Segment Start: Input data

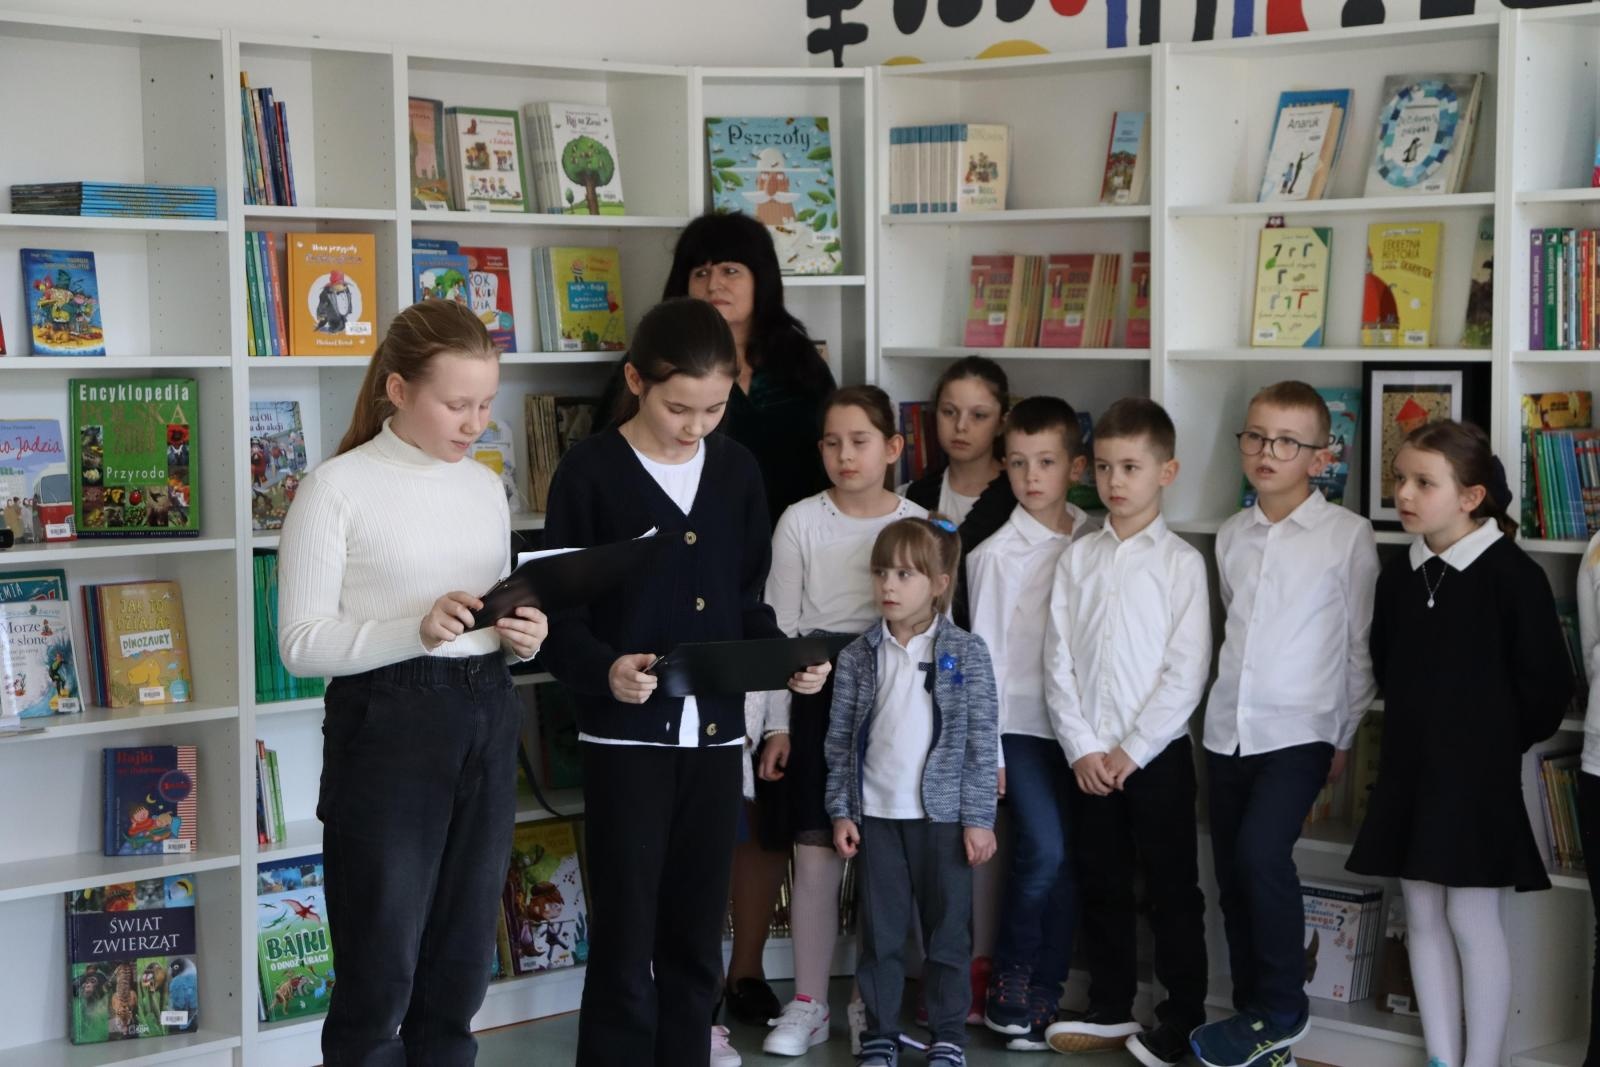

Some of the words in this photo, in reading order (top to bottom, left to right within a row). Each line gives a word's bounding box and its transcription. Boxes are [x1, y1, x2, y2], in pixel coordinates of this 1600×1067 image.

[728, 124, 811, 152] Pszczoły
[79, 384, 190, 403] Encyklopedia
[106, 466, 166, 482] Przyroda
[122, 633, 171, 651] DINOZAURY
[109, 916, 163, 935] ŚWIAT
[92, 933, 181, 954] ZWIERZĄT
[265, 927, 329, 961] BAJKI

Segment End: Input data
Segment Start: Input data

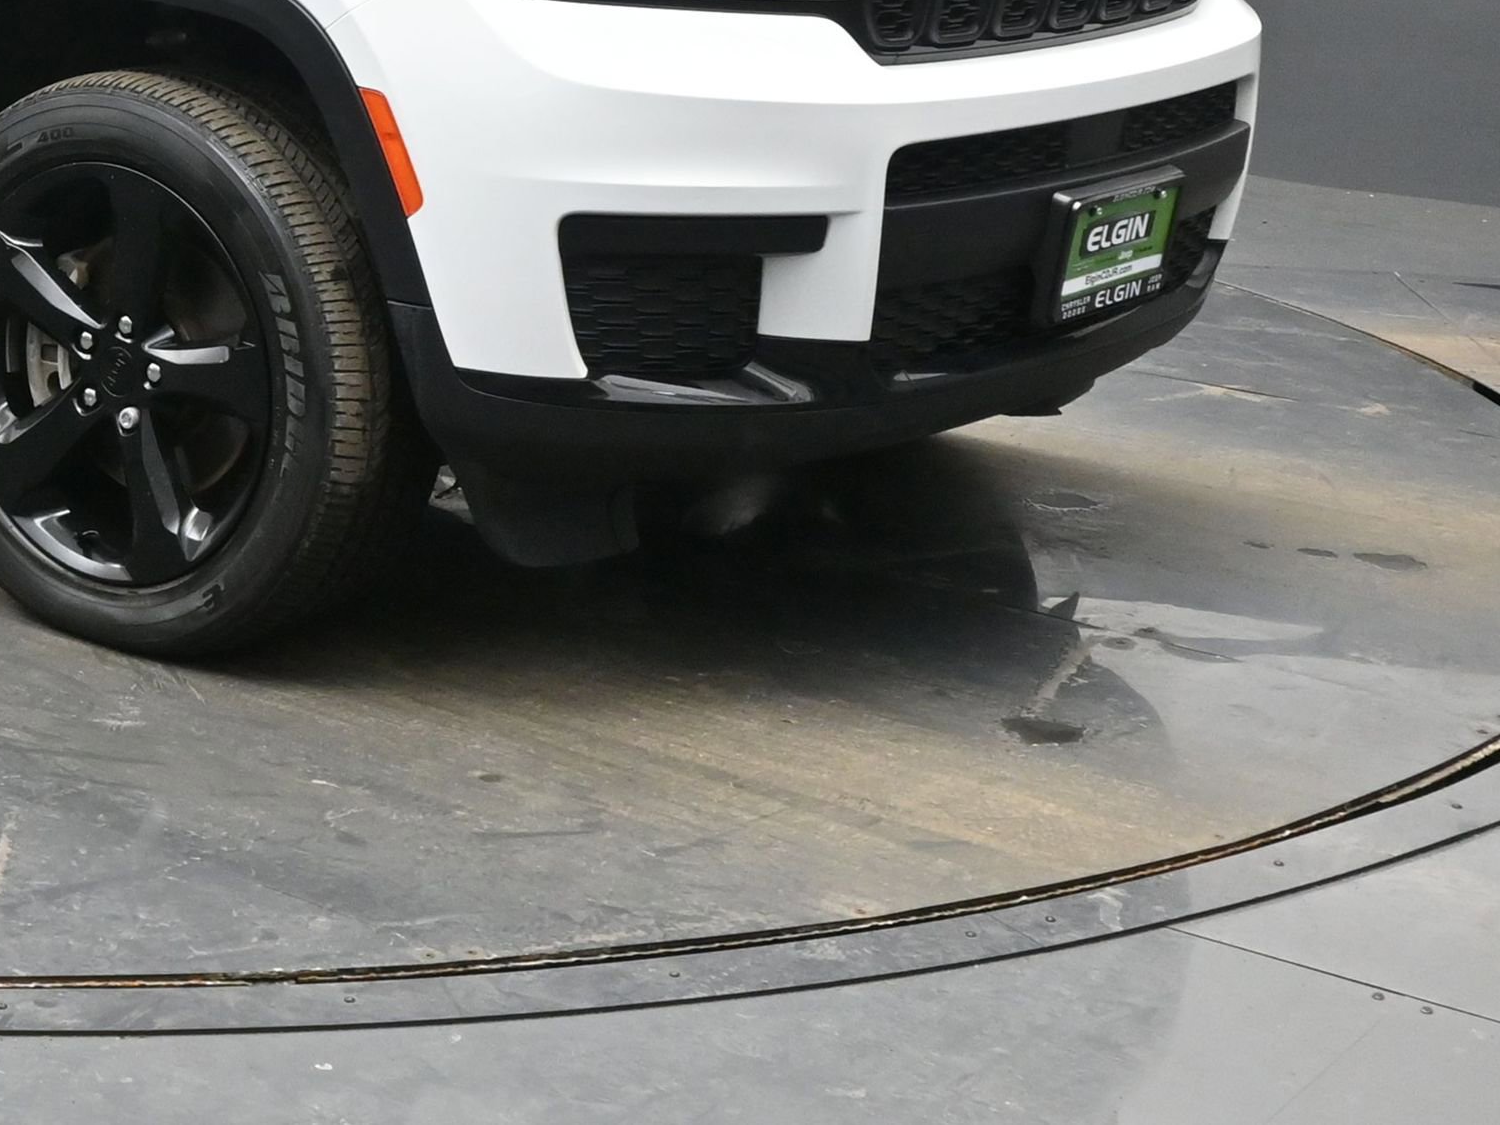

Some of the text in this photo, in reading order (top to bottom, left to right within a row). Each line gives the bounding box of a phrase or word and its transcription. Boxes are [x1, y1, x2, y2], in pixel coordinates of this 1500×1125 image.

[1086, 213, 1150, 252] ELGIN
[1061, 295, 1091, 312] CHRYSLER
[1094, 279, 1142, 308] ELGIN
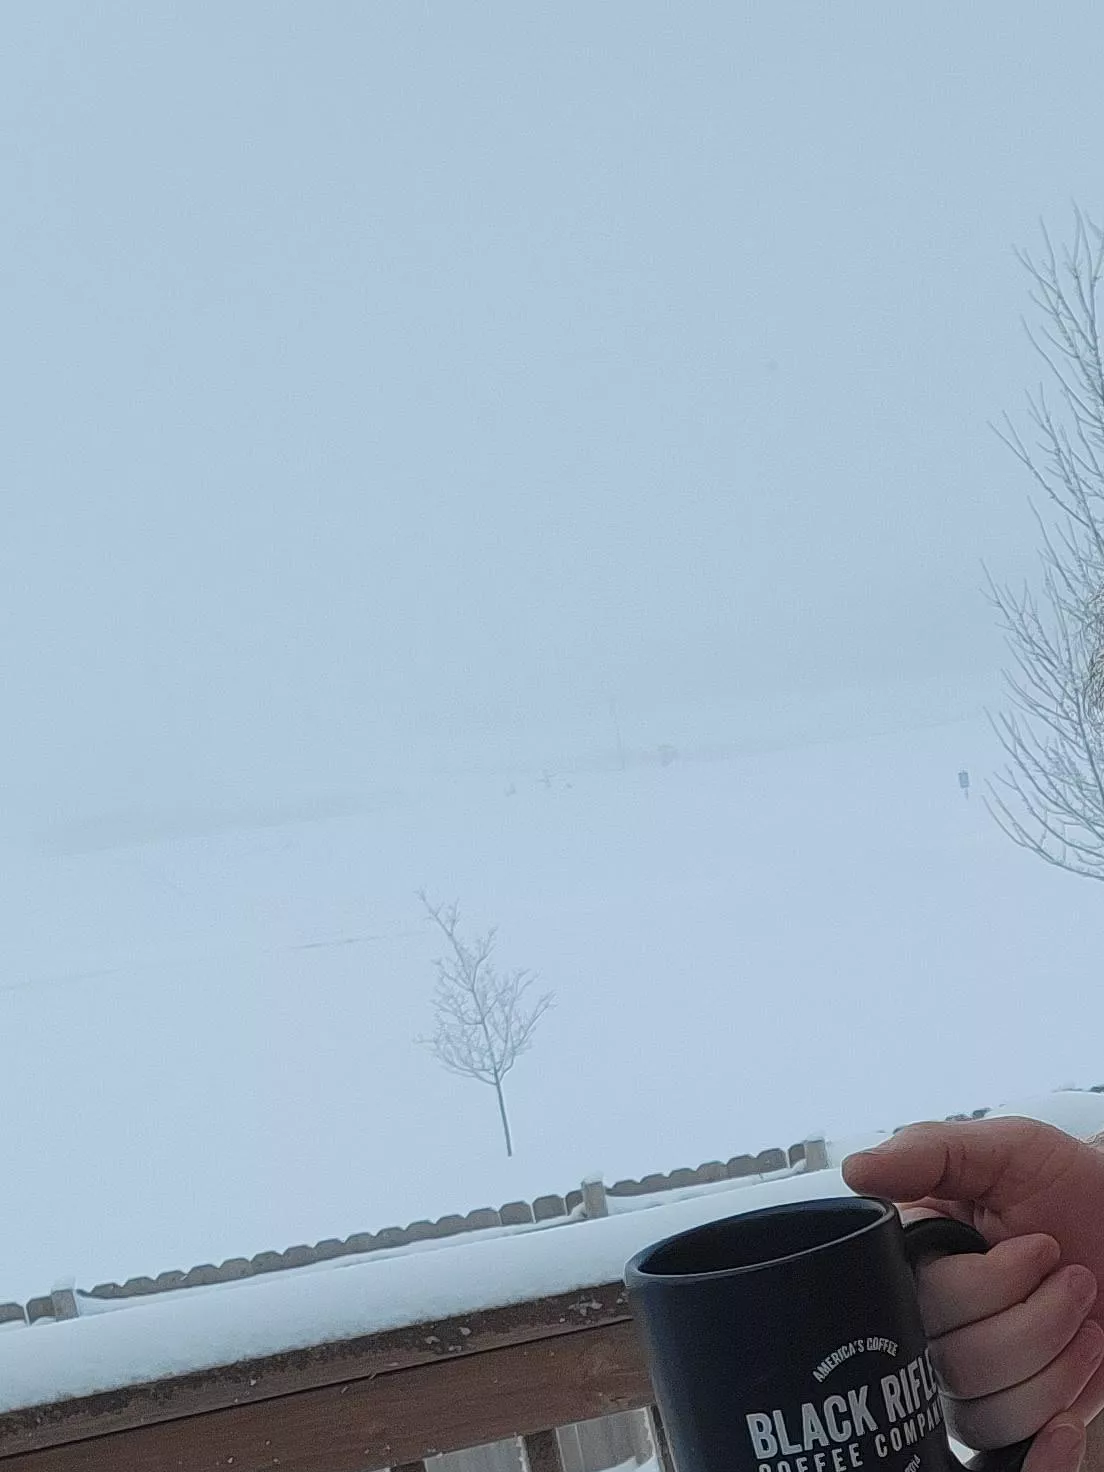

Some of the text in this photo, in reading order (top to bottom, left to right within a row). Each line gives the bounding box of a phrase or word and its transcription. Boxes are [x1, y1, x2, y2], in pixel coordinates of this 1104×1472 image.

Segment End: Input data
Segment Start: Input data

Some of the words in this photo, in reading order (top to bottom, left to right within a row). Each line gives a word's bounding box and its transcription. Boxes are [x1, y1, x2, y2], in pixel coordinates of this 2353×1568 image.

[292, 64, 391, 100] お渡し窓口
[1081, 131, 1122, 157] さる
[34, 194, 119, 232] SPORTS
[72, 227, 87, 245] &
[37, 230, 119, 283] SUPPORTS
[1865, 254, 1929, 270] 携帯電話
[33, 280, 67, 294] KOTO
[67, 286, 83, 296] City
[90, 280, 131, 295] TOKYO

Segment End: Input data

Using the listing above, reproduce word for word every line from the one containing "this 1500×1125 image." through the one containing "this 1104×1472 image.". Pictures must be left out.

▶ _Answer to this task_
Some of the text in this photo, in reading order (top to bottom, left to right within a row). Each line gives the bounding box of a phrase or word and its transcription. Boxes are [x1, y1, x2, y2], in pixel coordinates of this 1500×1125 image.

[1086, 213, 1150, 252] ELGIN
[1061, 295, 1091, 312] CHRYSLER
[1094, 279, 1142, 308] ELGIN

Some of the text in this photo, in reading order (top to bottom, left to right within a row). Each line gives the bounding box of a phrase or word and its transcription. Boxes are [x1, y1, x2, y2], in pixel coordinates of this 1104×1472 image.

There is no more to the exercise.